Thursday, June 12, 2014

Dance Fever

We bought Small Fry a clock radio for his birthday. It's shaped like a giant Lego brick (a two-er, if you're interested) (red) and it has since become an unexpected source of joy and consternation in our house. As is often the case with such things, the joy is his; the consternation mine.

Small Fry L-O-V-E-S his clock radio. He spends every morning dancing around his room in various stages of undress, and I spend every morning yelling PUT. YOUR. PANTS. ON! RIGHT NOW! But every song is a song he loves, and songs he loves just make him dance around naked. No amount of parental disapproval or threats of tardiness for school are going to change that. He's gonna be a hit in college.

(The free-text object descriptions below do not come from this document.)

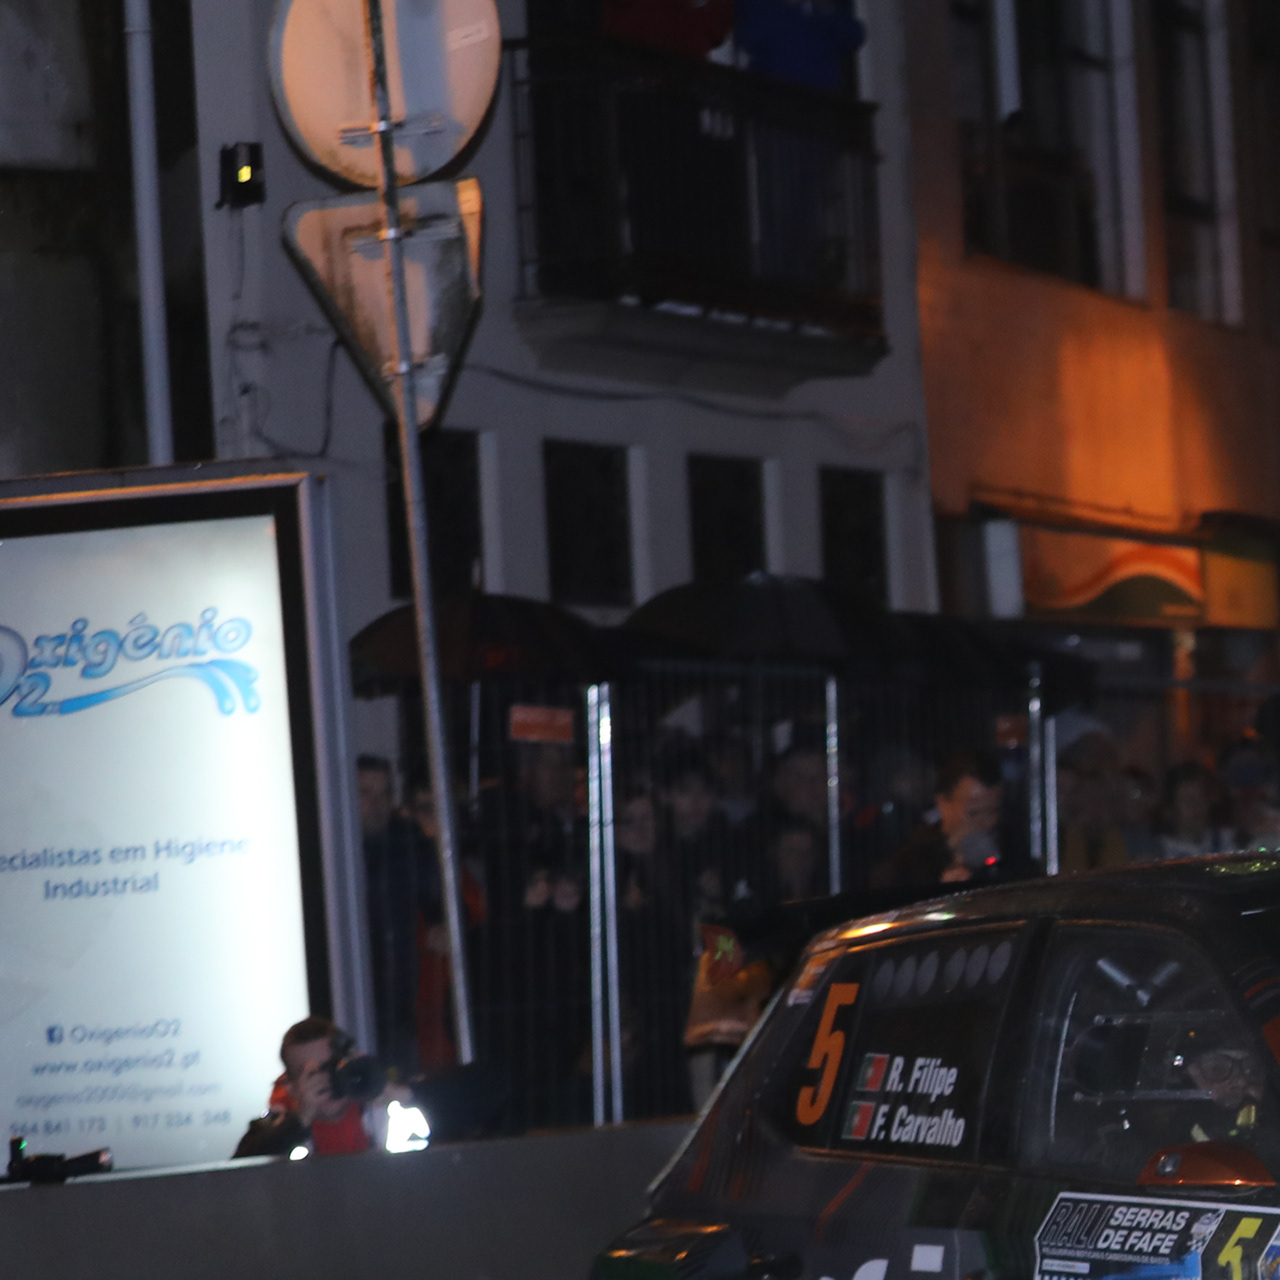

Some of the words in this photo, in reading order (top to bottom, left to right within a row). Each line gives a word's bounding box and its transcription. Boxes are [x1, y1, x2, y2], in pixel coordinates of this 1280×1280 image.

[109, 843, 146, 862] em
[153, 837, 249, 865] Higiene
[43, 871, 160, 900] Industrial
[796, 982, 860, 1126] 5
[885, 1055, 905, 1092] R.
[907, 1056, 958, 1104] Filipe
[870, 1103, 890, 1141] F.
[890, 1104, 966, 1148] Carvalho
[1042, 1202, 1114, 1250] RALI
[1110, 1207, 1190, 1231] SERRAS
[1097, 1229, 1126, 1251] DE
[1127, 1232, 1178, 1254] FAFE
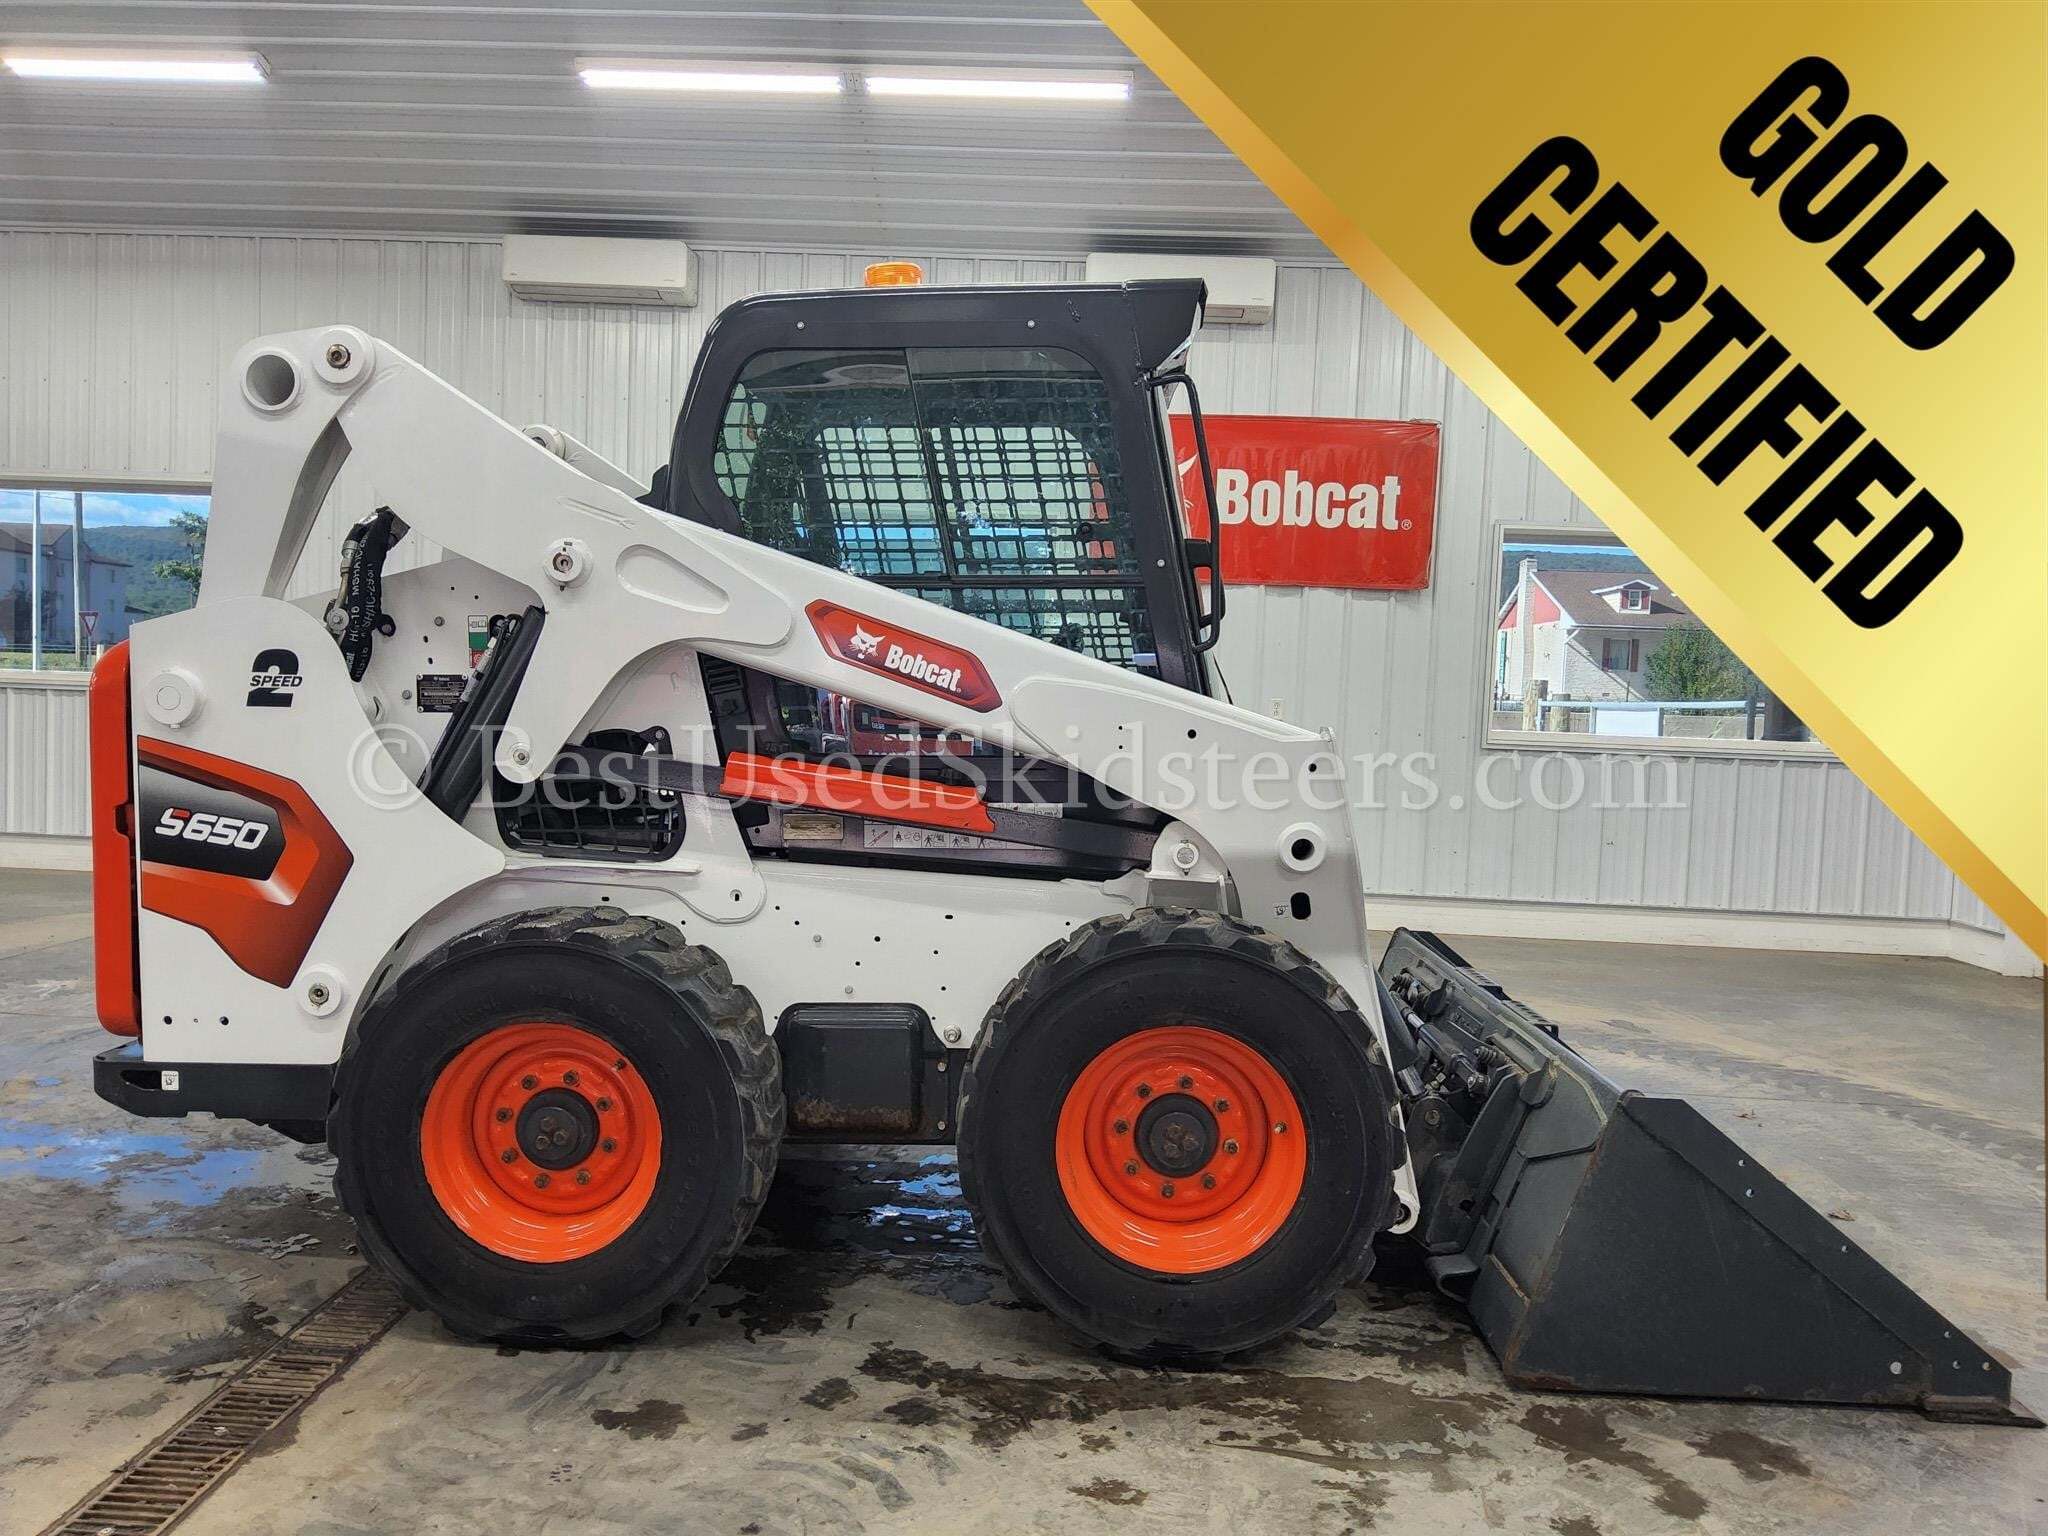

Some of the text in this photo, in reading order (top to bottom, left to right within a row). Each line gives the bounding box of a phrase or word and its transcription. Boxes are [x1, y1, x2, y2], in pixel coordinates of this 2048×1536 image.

[246, 648, 299, 708] 2
[249, 675, 303, 688] SPEED
[154, 807, 270, 850] S650

If it was just music, that would be one thing. But there are also ads, and announcements, and news on the radio. Small Fry will come bolting into my room - usually naked - and announce breathlessly, "Mommy! There has been a multi-vehicle collision on the Calf Robe Bridge! Emergency services are on the scene!" then run back to his room to catch the next thrill coming down the pipes.

Thanks to Small Fry's clock radio, we have learned A Great Many Things at our house. We have learned that Calaway Park was opening (dammit!). That a wine festival was happening on the weekend (sweet!). That komodo dragons and a rhinoceros are coming to the Zoo. That McDonald's now offers three delicious flavours of iced frappe: coffee, caramel and vanilla chai tea. That Hooters is the ultimate Father's Day destination ("Mommy, we have to take Daddy to Hooters! My radio told me!"). That if we shop at Old Navy, we could win an incredible Brazilian adventure to the World Cup.

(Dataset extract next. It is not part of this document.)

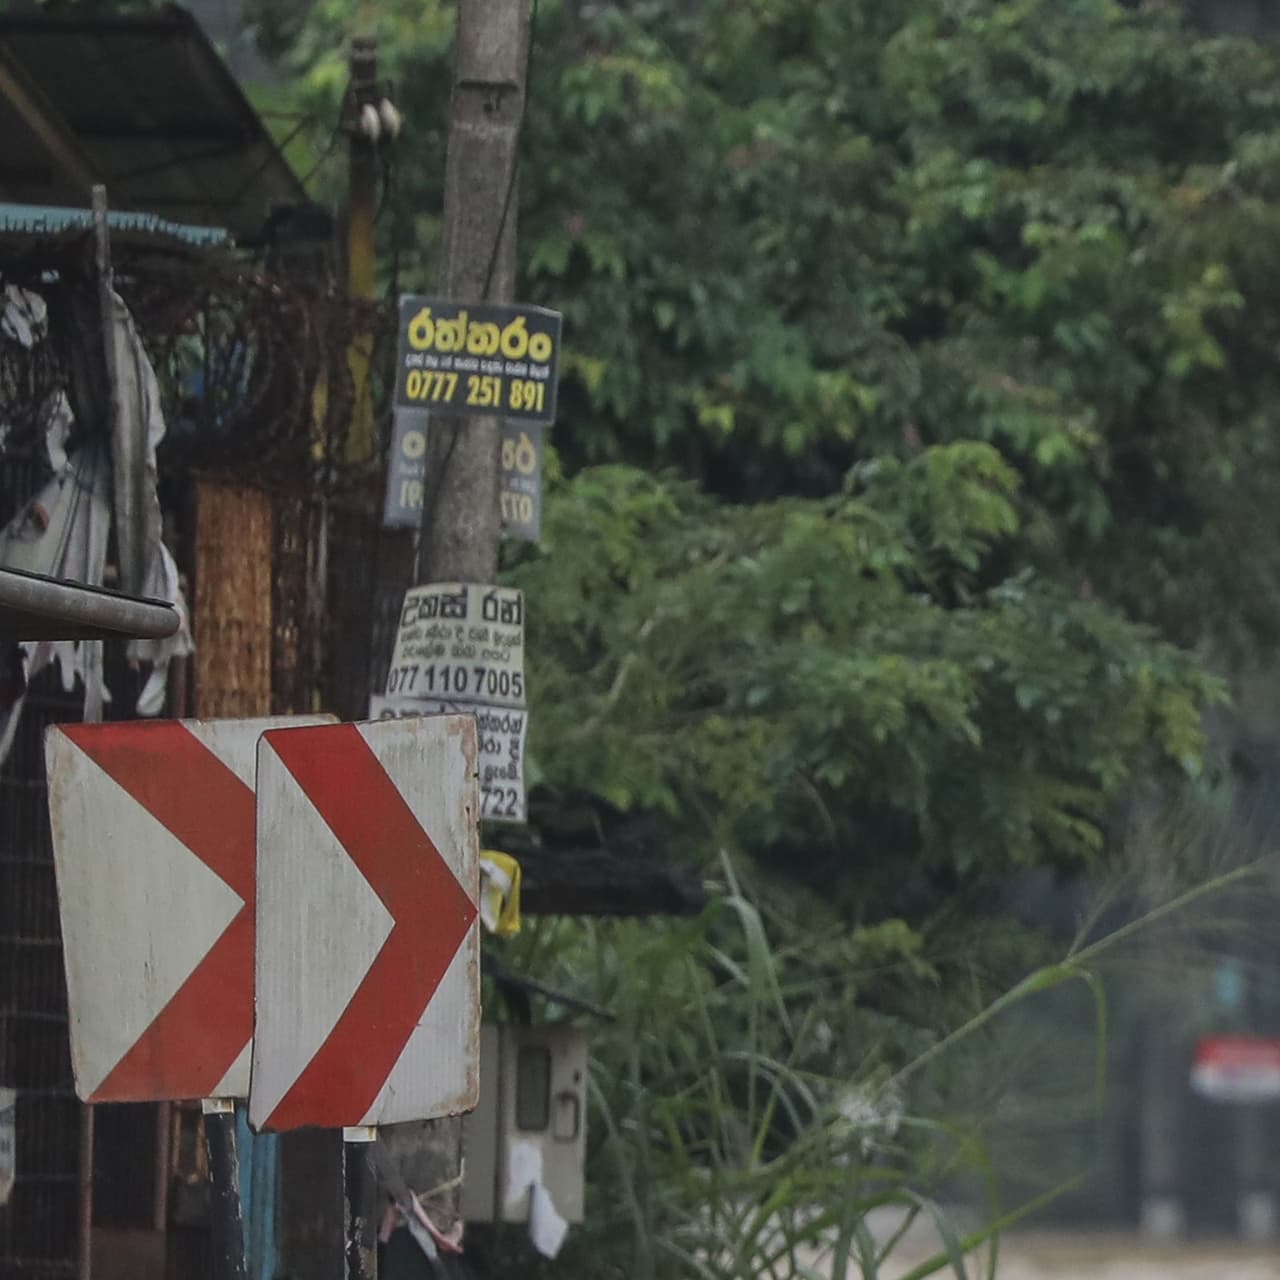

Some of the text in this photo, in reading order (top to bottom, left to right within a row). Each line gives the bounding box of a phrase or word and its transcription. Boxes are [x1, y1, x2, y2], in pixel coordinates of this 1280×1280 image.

(Good golly. I just commissioned a Brazilian adventure expressly for Father's Day - do I really have to suffer through Old Navy and Hooters too?)

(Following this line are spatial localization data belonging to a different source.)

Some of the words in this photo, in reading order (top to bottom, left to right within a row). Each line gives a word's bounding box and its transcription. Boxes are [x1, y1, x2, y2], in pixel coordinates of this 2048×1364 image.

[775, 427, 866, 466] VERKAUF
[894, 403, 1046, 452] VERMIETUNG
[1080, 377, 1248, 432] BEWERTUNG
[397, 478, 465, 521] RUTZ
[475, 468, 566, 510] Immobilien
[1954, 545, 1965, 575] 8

I had sortof forgotten about this Eerily Accurate Recall Stage (EARS) - Medium Fry went through it too, years ago. Seeing EARS in action again really strengthens my resolve to limit my children's exposure to advertising, because I find it seriously disturbing to see just how effective it is on the impressionable young mind. Just like smoking, I guess you've gotta catch 'em young if you want them to tirelessly campaign to go visit the new rhinoceros or celebrate Father's Day in an olde-tyme fried food and misogyny theme park, because surely no one else is listening.

But he drew a portrait - a loving, detailed, and vaguely Cubist portrait - of his clock radio on the table at Montana's the other night. With the numbers all square like digital clocks show them, and a happy stick version of himself dancing beside it. (Probably naked.) And my resolve to save him from the dangers of Hooters ads weakened.

Besides. I wouldn't have known about that wine festival if he hadn't told me.